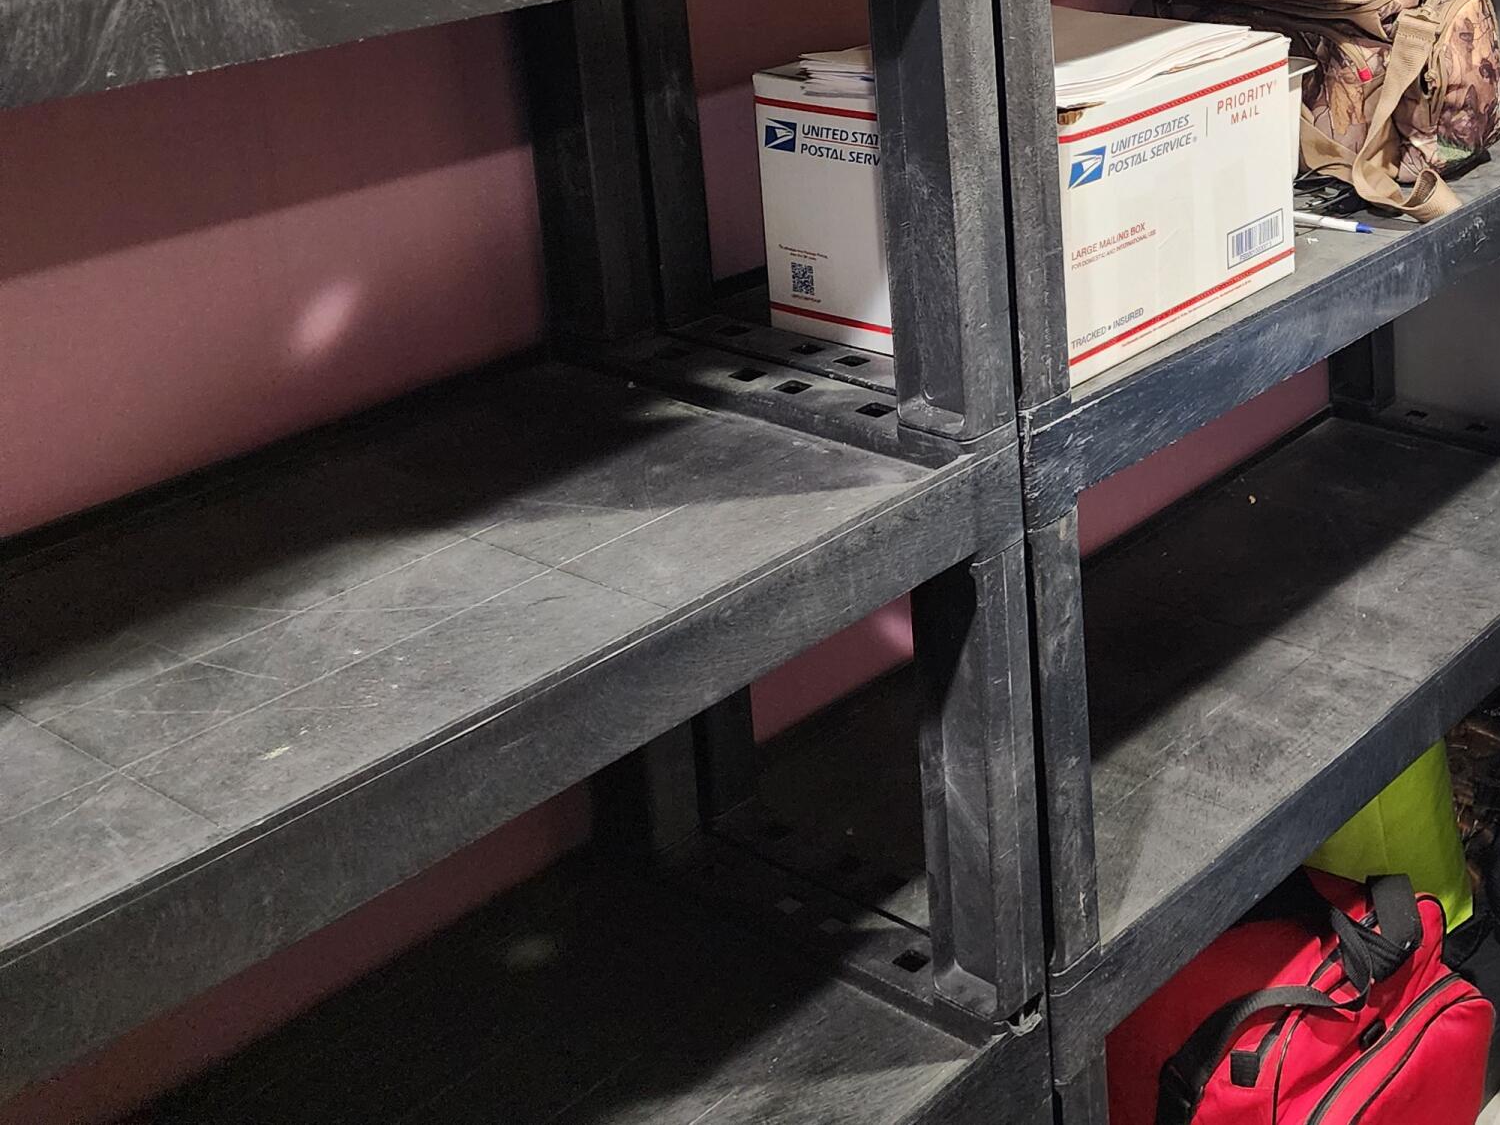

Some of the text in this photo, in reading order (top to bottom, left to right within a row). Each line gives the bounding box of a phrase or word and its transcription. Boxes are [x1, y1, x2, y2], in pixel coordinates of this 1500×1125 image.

[1217, 81, 1273, 114] PRIORITY
[1231, 108, 1260, 124] MAIL
[802, 124, 849, 141] UNITED
[1111, 114, 1190, 154] UNITED STATES
[801, 143, 881, 166] POSTAL SERV
[1108, 150, 1148, 176] POSTAL
[1071, 222, 1146, 261] LARGE MAILING BOX
[1071, 307, 1145, 350] TRACKED INSURED
**********
_Work task:_ Restate every line of the listing exactly. Pictures are not part of the copy.

_Result below:_
Some of the text in this photo, in reading order (top to bottom, left to right within a row). Each line gives the bounding box of a phrase or word and its transcription. Boxes are [x1, y1, x2, y2], in pixel coordinates of this 1500×1125 image.

[1217, 81, 1273, 114] PRIORITY
[1231, 108, 1260, 124] MAIL
[802, 124, 849, 141] UNITED
[1111, 114, 1190, 154] UNITED STATES
[801, 143, 881, 166] POSTAL SERV
[1108, 150, 1148, 176] POSTAL
[1071, 222, 1146, 261] LARGE MAILING BOX
[1071, 307, 1145, 350] TRACKED INSURED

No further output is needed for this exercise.